***** Input material
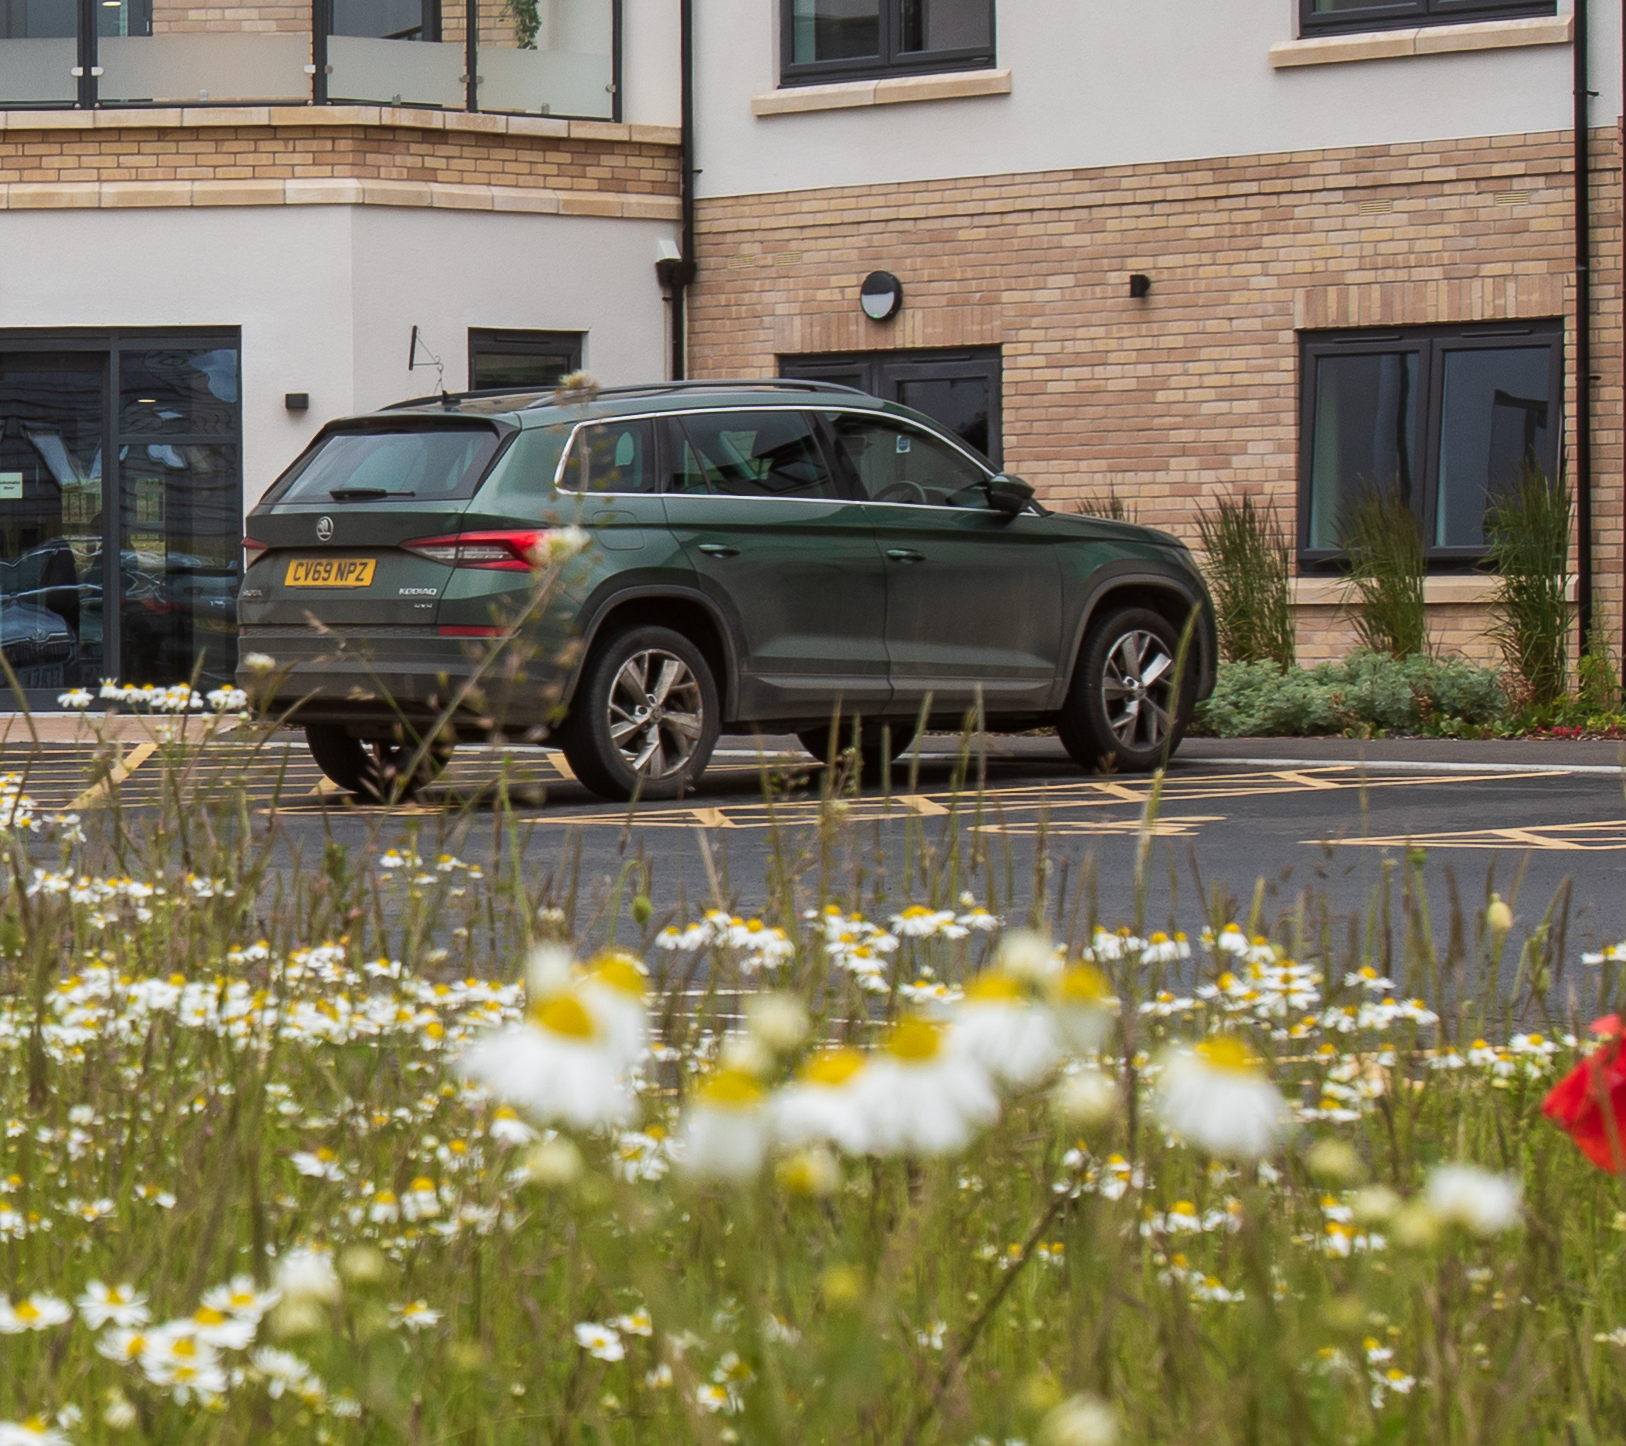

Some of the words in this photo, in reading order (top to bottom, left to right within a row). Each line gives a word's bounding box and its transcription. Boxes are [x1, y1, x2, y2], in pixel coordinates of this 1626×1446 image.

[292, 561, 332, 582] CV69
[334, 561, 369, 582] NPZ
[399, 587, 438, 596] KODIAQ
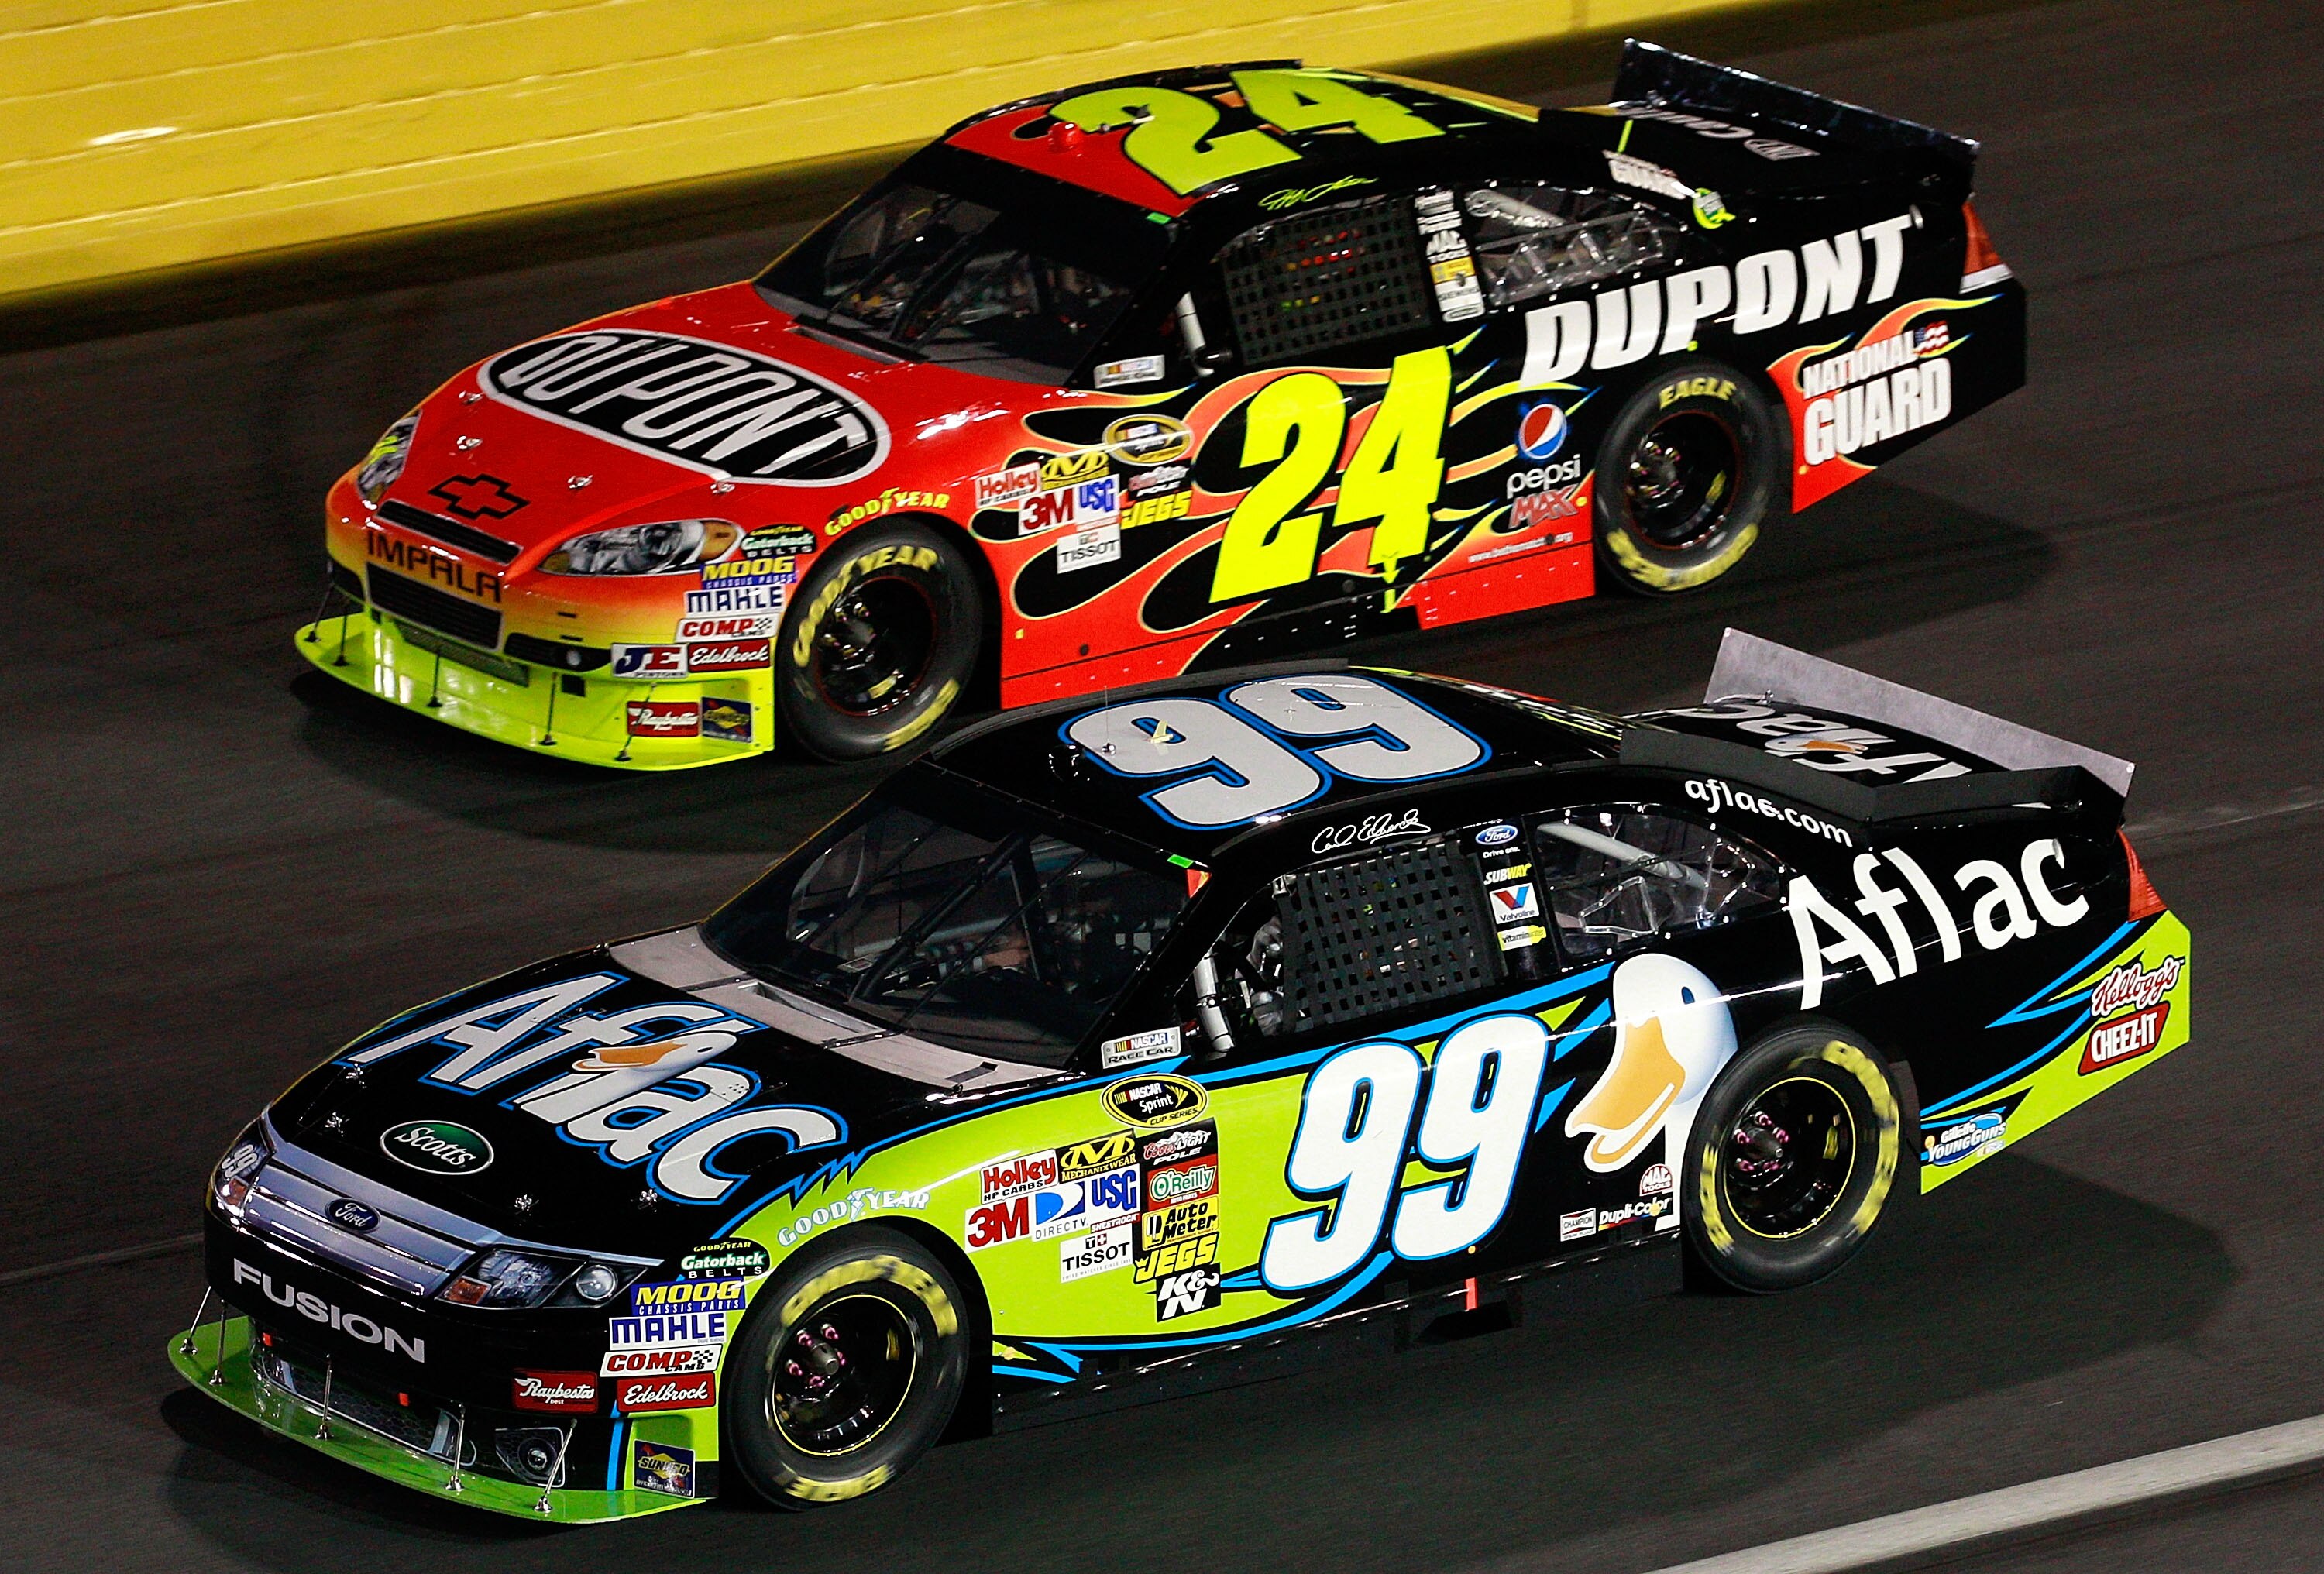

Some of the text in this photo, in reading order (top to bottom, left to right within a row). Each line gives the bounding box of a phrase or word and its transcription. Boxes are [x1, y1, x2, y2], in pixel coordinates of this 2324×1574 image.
**********
Aim of the exercise: Every entry above has to be repeated exactly, apart from its pictures.

Output:
Some of the words in this photo, in reading order (top to bottom, left to right within a row). Each line gives a word's bounding box and its transcription. Boxes are [x1, y1, x2, y2], in pixel coordinates of this 1626×1446 image.

[292, 561, 332, 582] CV69
[334, 561, 369, 582] NPZ
[399, 587, 438, 596] KODIAQ

Some of the text in this photo, in reading order (top to bottom, left to right within a row). Each line gives the bounding box of a phrase or word and its transcription. Boxes are [x1, y1, x2, y2], in pixel coordinates of this 2324×1574 image.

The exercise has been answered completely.